Spaces of Law. IV International Conference in Transatlantic Studies.

Date: 

Fri - Sat, Apr 12 to Apr 13, 9:00am - 7:00pm

Location: 

Multiple Locations around Harvard

In Nomos of the Earth, Carl Schmitt underscores the intimate connection between law and territory: “nomos is the immediate form in which the political and social order of a people becomes spatially visible” (Nomos of the Earth, 70). Michel Foucault’s complementary point is that “[t]he successes of history belong to those who are capable of seizing these rules, to replace those who had used them, to disguise themselves so as to pervert them, invert their meaning, and redirect them against those who had initially imposed them” (“Nietzsche, Genealogy, History,” 86). Cultural forms do play a crucial role in the visibilization not only of space but its regulation.

However, the practical articulation of rules and the locale where they apply and are implemented may be deployed to reaffirm or to unsettle domination. Aesthetics and the law are imbricated in their world-shaping force, which bears significant consequences for the conceptualization and implementation of the relatively autonomous norms of cultural fields; the local, national, international, and transnational balance of cultural, economic, and political power; and the tense negotiation between action, representation, performance, and judgment.

spacesoflaw

Click here for the full program.

During the Fourth International Conference in Transatlantic Studies: “Spaces of Law,” we hope to elucidate the historical co-constitution of law and space in Transatlantic culture, map their unfolding in networks of central and peripheral agents and institutions, and trace genealogies and trajectories of the forces that constitute them. What laws govern (the often transnational) Transatlantic circulation, exchange, and contamination of ideas, tropes, genres, etc.? What spaces correspond to, imagine, or activate what forms of justice? What are the sites of the “seizure, replacement, perversion, inversion, and redirection” of the violence contained in laws implemented by those in power? How does the circulation of individuals affect those that inhabit that space and what are the legal ramifications of such spatial movements? How do the environment and communities settling into a new space affect each other? This conference attempts to bring together scholars from a myriad of disciplines in the humanities working on American, Latin American, and/or European humanities studies to explore the interrelationship that the senses and spatial constructions have had within their disciplines and in doing so build connections between both shores of the Atlantic.

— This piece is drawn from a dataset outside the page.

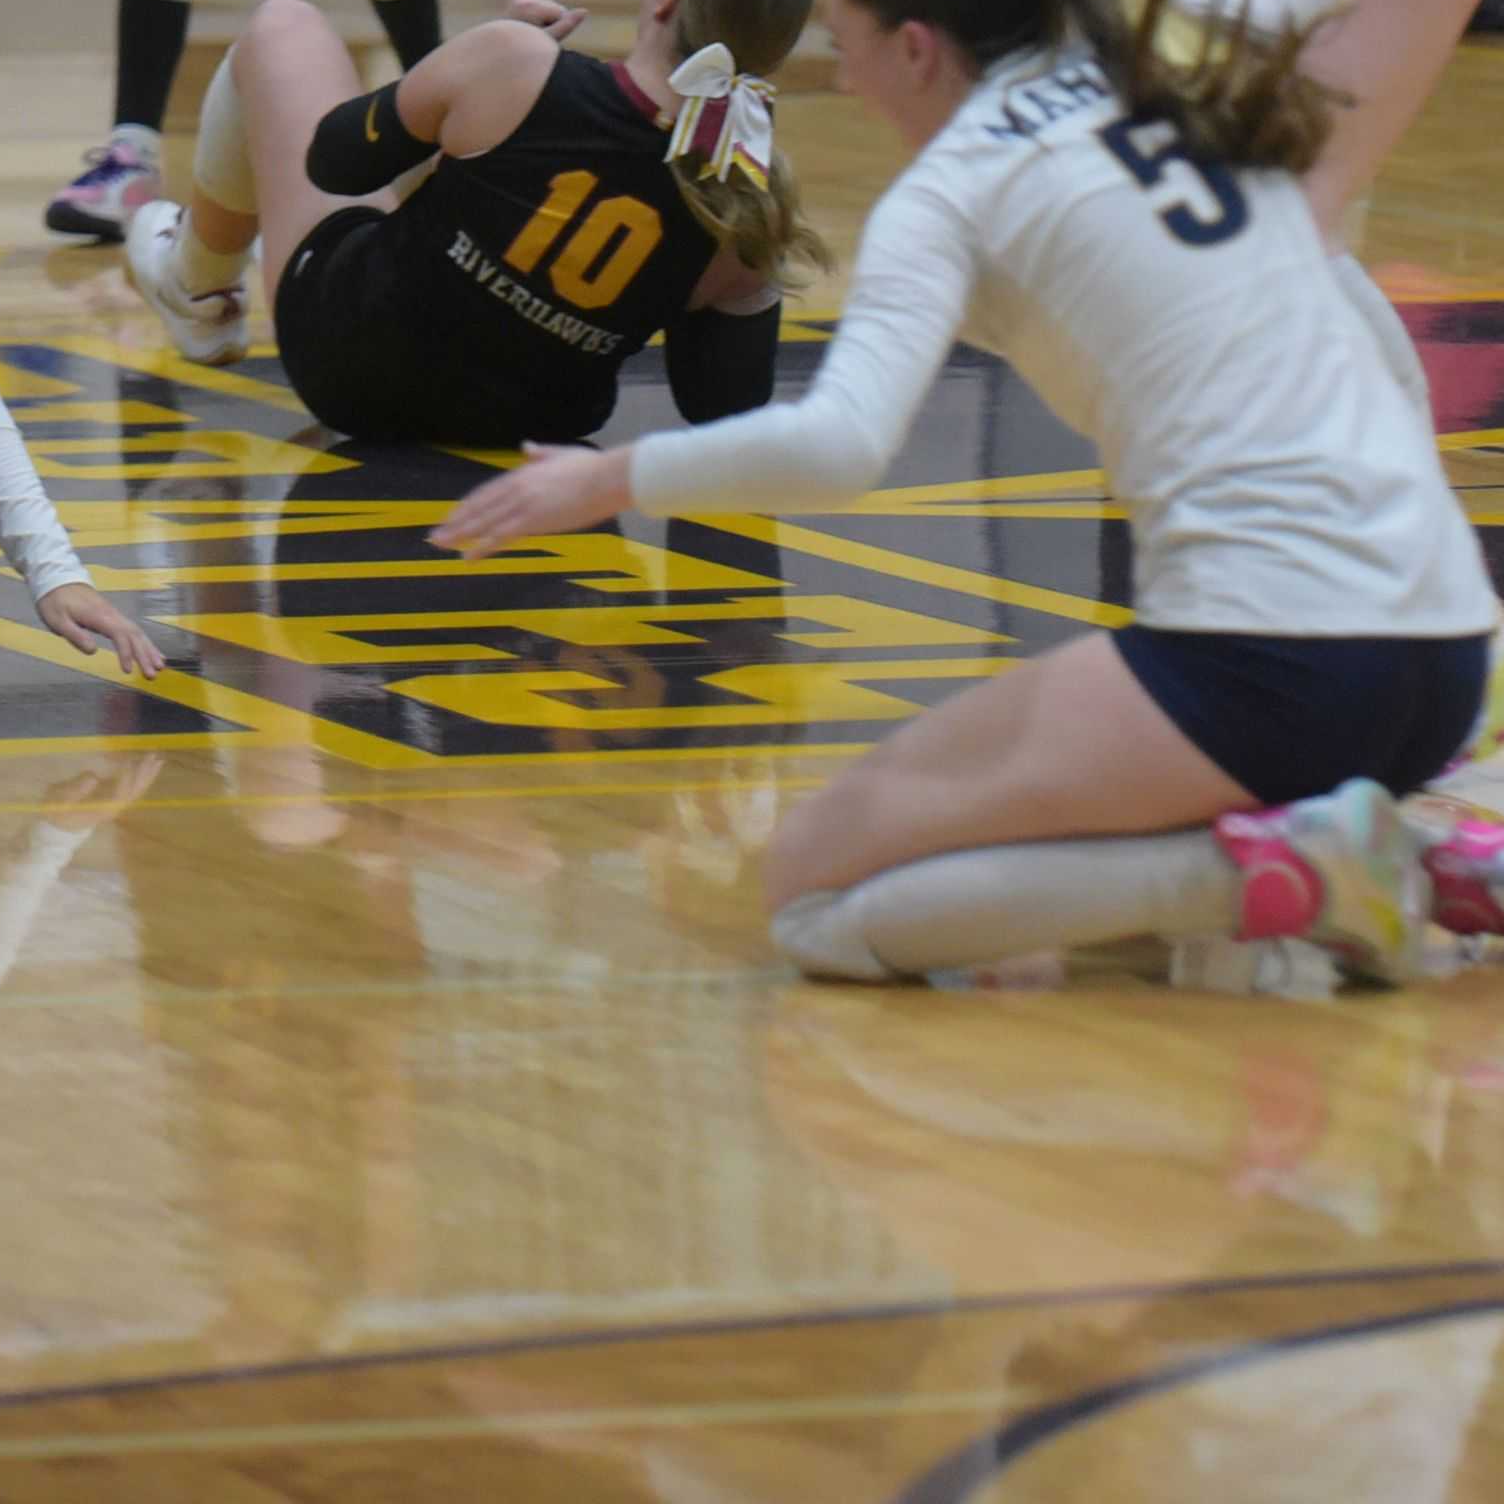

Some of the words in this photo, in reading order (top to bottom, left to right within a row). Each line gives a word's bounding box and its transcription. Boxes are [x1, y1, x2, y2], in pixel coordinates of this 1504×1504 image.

[502, 168, 665, 310] 10
[1098, 101, 1250, 248] 5
[444, 230, 625, 357] RIVERHAWKS

Inaugural Session: Jose M. Martinez-Sierra. RCC Director; Daniel Aguirre Oteiza. Associate Professor of Romance Languages and Literatures; Harvard University; David Yagüe, Texas A&M.

Sponsors: RCC; Harvard University Department of Romance Languages and Literatures; Complutense University of Madrid.

Locations: RCC Conference Room, 26 Trowbridge St., Cambridge MA; Barker Center 114,  Kresge Foundation Room, Humanities Center at Harvard University; Emerson Hall 305, Harvard University; Boylston Hall 105, Harvard University.